\u3000\u3 Guocheng Mining Co.Ltd(000688) 779 Hunan Changyuan Lico Co.Ltd(688779) )
Event overview. On April 26, 2022, the company released the first quarter report of 2022. In 2022q1, the company achieved a revenue of 3.393 billion yuan, an increase of 179.31% and a ring increase of 47.20%; The net profit attributable to the parent company was 304 million yuan, with an increase of 163.75% and a ring increase of 42.23%; Are located near the median of the previous performance forecast, in line with expectations. The net profit attributable to the parent company after deducting non profits was 277 million yuan, with a ring increase of 33.00%; Non recurring profit and loss is 27 million yuan, including 31 million yuan of government policy subsidies; At the end of March, the company’s inventory was 2.354 billion yuan, an increase of 49% compared with the end of 21 years, mainly due to the obvious rise in the price of upstream raw materials and the increase in procurement expenditure and inventory.
Excellent cost control ability and continuous improvement of net profit per ton. In 2022q1, the company achieved a gross profit margin of 15.60%, an increase of 1.61pcts month on month, and a net profit margin of 8.96%, a decrease of 0.31pct month on month. The company’s previous ton cost, ton manufacturing and labor costs were at the lowest level in the industry. According to our calculation, the company’s net profit per ton in Q4 in 21 years was about 20000 / ton, and the net profit per ton in Q1 in 22 years was about 20000 / ton, which was basically the same month on month.
The production capacity continues to expand, and LFP, ternary and double lines go hand in hand. On April 16, 2022, the company issued a prospectus for convertible bonds. The company plans to raise 3.25 billion yuan for the “phase II project of expanding the production of cathode materials for automotive lithium batteries” and “60000 tons of lithium iron phosphate project”. It is expected that after the project is completed, 40000 tons of ternary capacity and 60000 tons of lithium iron phosphate capacity can be added. The company shipped 42000 tons of ternary cathode materials in 21 years, with a year-on-year increase of 159%. The production capacity of phase I of high tech base, Lugu and Tongguan base was 80000 tons at the end of 21 years. We expect that Q1 shipments will be about 15000 tons in 22 years, and the annual full production and full sales shipments will reach 80000 tons. The LFP capacity of another 60000 tons will be steadily promoted. It is expected to be put into operation and contribute to revenue in 2023.

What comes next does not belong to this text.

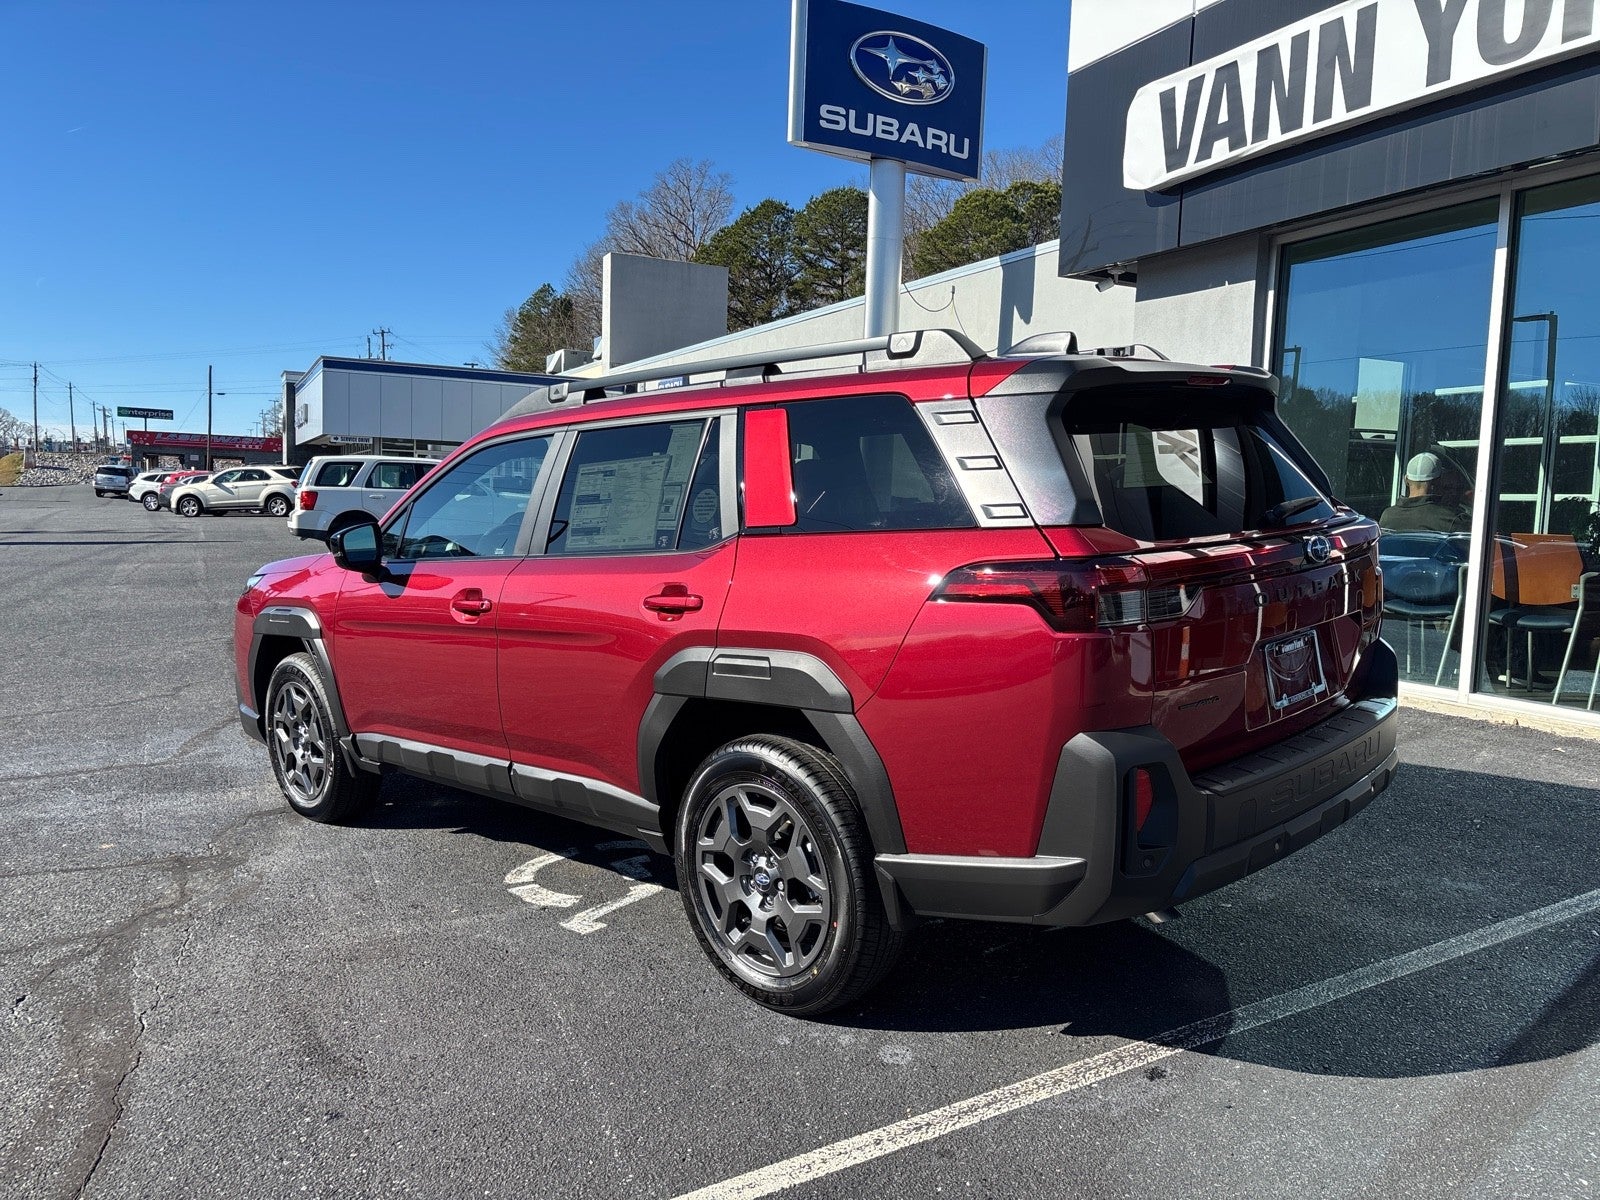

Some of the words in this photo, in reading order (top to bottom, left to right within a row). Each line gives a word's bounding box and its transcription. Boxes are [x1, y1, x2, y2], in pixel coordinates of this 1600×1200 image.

Increase R & D investment and seize the commanding height of new technology in advance. The company invested 136 million yuan in research and development in Q1 in 22 years, with a year-on-year increase of 144.91%, which is mainly due to the fact that some research and development projects of the company have entered the key stage of development, increasing the research and development investment in related products, affecting the year-on-year increase of R & D expenditure. The company continues to promote new product design and process route upgrading, increase the development of high nickel materials, actively reserve material technology in xhev field, predict the future technology development route, and layout new generation battery material fields such as solid-state lithium battery and sodium ion battery.
Backed by Minmetals, the self supply of precursors closely follows the pace of production expansion. Minmetals Group is the actual controller of the company, providing the company with nickel cobalt lithium raw materials, ternary precursors and other resource support. The monthly production capacity of Jinchi materials, a subsidiary, has exceeded 3000 tons, and it is expected to achieve a production capacity of 35 Xj Electric Co.Ltd(000400) 00 tons in 22 years, all of which are used for its own continuous production. Jinchi has mastered the core technology of precursor production, the production capacity has been continuously promoted, and the proportion of self supply is expected to be further improved in the future.
Investment suggestion: we expect the company to realize a net profit attributable to the parent company of 1.296 billion yuan, 2.021 billion yuan and 2.606 billion yuan in 22-24 years, with a year-on-year growth rate of 85%, 56% and 29%. The current share price corresponding to PE is 21, 13 and 10 times respectively. Considering that the company is in a high-quality track, with significant integration advantages and cost control significantly better than the industry average level, we maintain the “recommended” rating.
Risk tip: the sales volume of new energy vehicles is lower than expected; The progress of capacity expansion is less than expected; Price fluctuation of raw materials; Industry competition intensifies; Risk of large customer concentration.